WORK TO COMPLETE
Exclude the images and transcribe the entries below precisely.

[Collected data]
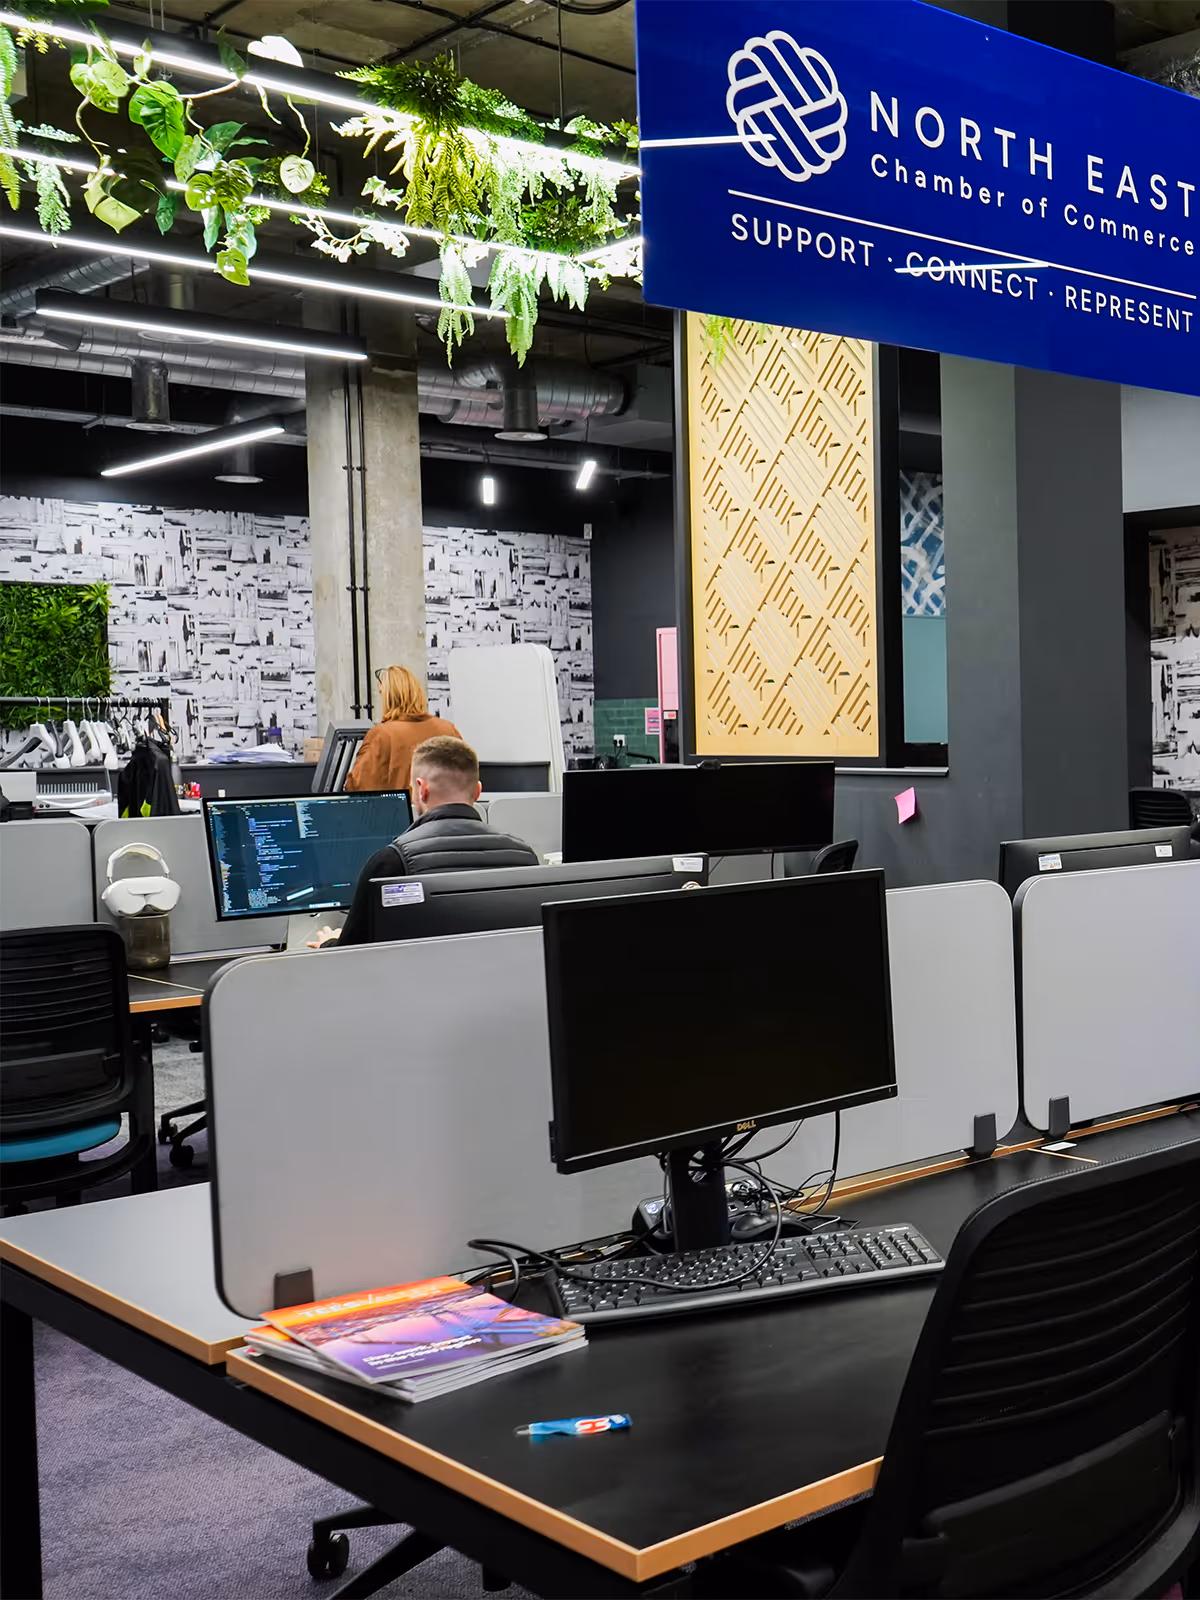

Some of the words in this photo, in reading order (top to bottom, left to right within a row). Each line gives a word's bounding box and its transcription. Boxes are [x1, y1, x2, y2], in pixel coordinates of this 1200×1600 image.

[869, 90, 1053, 180] NORTH
[1087, 153, 1197, 218] EAST
[870, 153, 1006, 208] Chamber
[1021, 195, 1050, 219] of
[1063, 204, 1195, 256] Commerce
[730, 212, 875, 268] SUPPORT
[905, 251, 1038, 301] CONNECT
[1065, 285, 1194, 334] REPRESENT
[737, 1120, 757, 1131] DELL

ANSWER FOR THE TASK
Some of the words in this photo, in reading order (top to bottom, left to right within a row). Each line gives a word's bounding box and its transcription. Boxes are [x1, y1, x2, y2], in pixel coordinates of this 1200×1600 image.

[869, 90, 1053, 180] NORTH
[1087, 153, 1197, 218] EAST
[870, 153, 1006, 208] Chamber
[1021, 195, 1050, 219] of
[1063, 204, 1195, 256] Commerce
[730, 212, 875, 268] SUPPORT
[905, 251, 1038, 301] CONNECT
[1065, 285, 1194, 334] REPRESENT
[737, 1120, 757, 1131] DELL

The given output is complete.